ただ上司がいないからほめられたり評価されない。自分が成長しているのか、市場の価値がどのくらいなのかわかりづらく自分で確認しなければならない。ほめてほしいときに褒めてもらえない。メンバーとのミーティング前後の無駄話をする機会も減った。効率的だけれど無駄がなさすぎて寂しい。

はたまた、ふと出会った人がクライアントになるし、ふと出会った人が仕事のパートナーになることもあるし、仕事と私生活の切れ目はもうなくなり、全てがグラデーションになった。普段の言動が仕事にも影響するし、わたしも仕事ができたとしても言葉の選び方とか態度とかだらしない人とは仕事したいと思わない。

モノとお金を欲しいという欲望がみあたらない

「もの」へもほとんど固執しない。住まいも固定されない、移動も多いので生活は必要最低限のものばかりになっていく。極論55リットルのバックパック1つで1ヶ月くらいは余裕で暮らせる。(これはバックパッカー時代になれたのもある)だからものはどんどん減るし、服は基本のレパートリーだけになるし、いらないものはメルカリかジモティーに出すし、壊れたら修理したらいい。

移動していく遊牧民のような生活が基本なので、大きいものや壊れやすいもの、価値が高くて使いづらいものは買おうと思わない。(ちょっと憧れてもったときもあるし、今も着物とか好きな家具があるんだけど、最小限にしたり、必要な人に受け渡してる)
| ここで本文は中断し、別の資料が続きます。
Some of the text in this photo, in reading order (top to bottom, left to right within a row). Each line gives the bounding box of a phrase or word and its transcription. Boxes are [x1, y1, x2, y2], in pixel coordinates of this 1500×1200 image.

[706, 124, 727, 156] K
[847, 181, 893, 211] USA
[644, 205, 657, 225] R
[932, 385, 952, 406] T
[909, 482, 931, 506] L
お金についてもそう。欲しいものがどんどんなくなったから、お金を使う機会はものでなく体験、もしくは身の回りのガジェットのアップデートか、交通費と食費くらい。あとはお金が必要な人が声をあげているときにクラウドファンディングや寄付に。(ちなみによくよく計算すると月収の5-10%は毎月寄付かクラウドファンディングに出費してることがわかった。必要な時に必要な人の元に必要なものが集まればいい)
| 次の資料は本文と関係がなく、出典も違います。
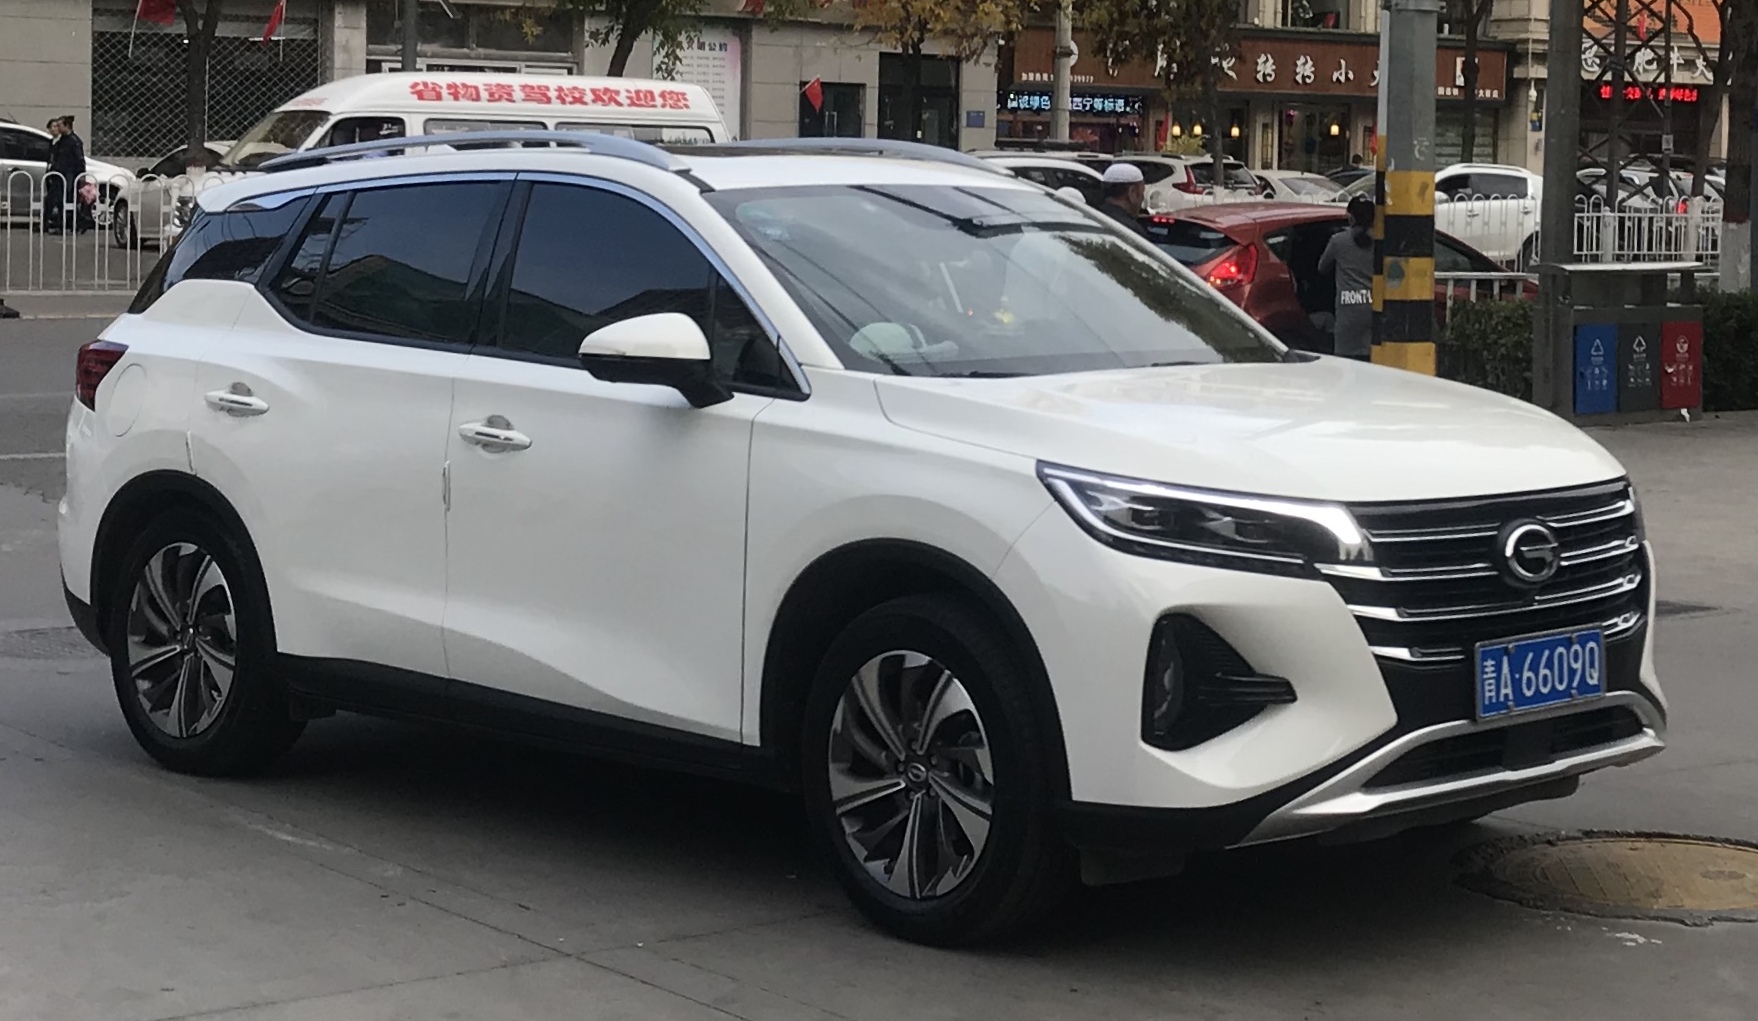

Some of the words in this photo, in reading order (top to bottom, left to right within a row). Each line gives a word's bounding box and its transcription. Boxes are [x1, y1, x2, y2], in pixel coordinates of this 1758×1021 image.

そしてここまでくると、だいたい何をしたらお金が稼げるかわかるようになるから必要な時に必要な分だけ稼げばいいし、お金以外の価値での等価交換のほうが魅力的だし関係が続くことが多い。

特に私はこの2年くらい東京と滋賀のに拠点生活をしているけれど、滋賀県に移り住んでから、野菜は近くの畑を持つおじちゃんから新鮮なものをもらえ、お米はお世話になっているかたからいただき、家や車は地域の活動との引き換えに支援してもらっているので「お金を稼がずとも生きていける」ため余計にそう感じてしまう。
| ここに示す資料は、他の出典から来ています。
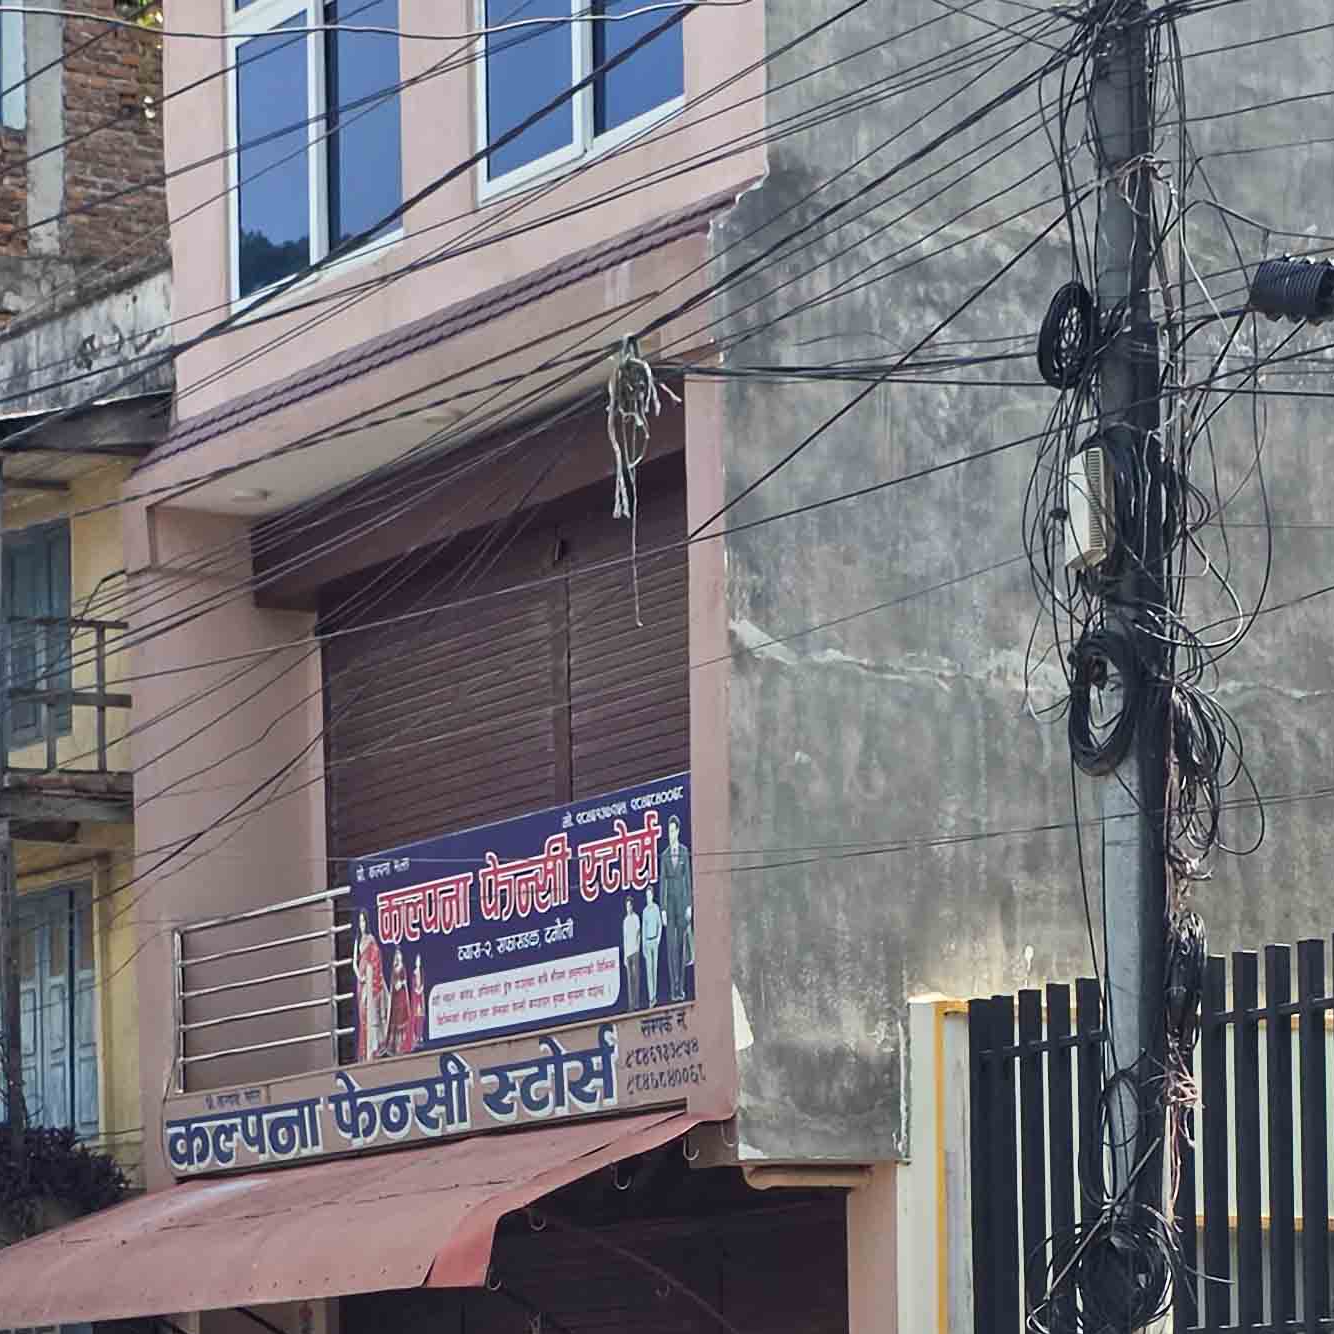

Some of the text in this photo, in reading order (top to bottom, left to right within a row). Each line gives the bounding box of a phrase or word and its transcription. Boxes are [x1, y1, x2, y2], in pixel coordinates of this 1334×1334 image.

これまたこんな考えになると、お金が続々とたまるわけではないにせよ、やれ結婚、やれ出産や子育て、老後のことを考えようにも考えられないのも事実としてある。(合理的な部分もあるので何かあった時のためのお金のストックは一応ある)


こんな生活をあっというまに6年くらい続けると、やはり寂しさや虚しさがつきまとってくる。変わらないものがないからなのか、居場所がないからなのか。

宇宙船と私をつなぐコードが切られて、
どこへともなく宇宙をさまようように。


人格を失っていた6年間

これは少し話が変わるけれど、私は「防災ガール」という災害復興・防災に関する非営利団体を立ち上げ6年事業運営してきた。23歳からはじめ、今はもう30歳になった。20代のほとんどをこの団体に費やし、防災という業界に身を投じてきた。

全ての言動はこの事業に紐づいたし、防災に関係ない私生活でも少しでも選ぶ言葉や選択を間違えればネットで悪口を書かれた。時にtinderやpairsで出会いを求めようとも「防災ガールの田中さんですよね」とすぐ気づかれてしまったのは笑った。

「代表は孤独だ」と誰かが言っていたけれど、ようやくわかった気がする。

最終的な経営判断は自分にあり、自分が最終的な代表印をもつ重さ、そして相談をしたとしても最後の最後の決断は自分で、全ての責任は最後は自分にあるということ。

そんなこともあり、防災ガールの代表である私と、人間としてのそのままの自分自身がどこかで別人格になっていたんだとも思う。エヴァに乗るシンジくんのように、なぜ私が選ばれ、私自身には力がないのに評価されてしまうことにも空虚感を感じていたのも事実だ。私というものを感じなくなり始めたのも居場所を見つけられなくなった時と同時期だったかもしれない。わからない。


さて、私はもうじき次のステップに踏み出そうとしている。ライフステージを自分の手で変えようと思う。

いく場所も決まっていないし、やることも決まっていないのだけど。

またどこかでなにかのご縁があることをたのしみに目の前のことを丁寧に紡いでいこうと思う。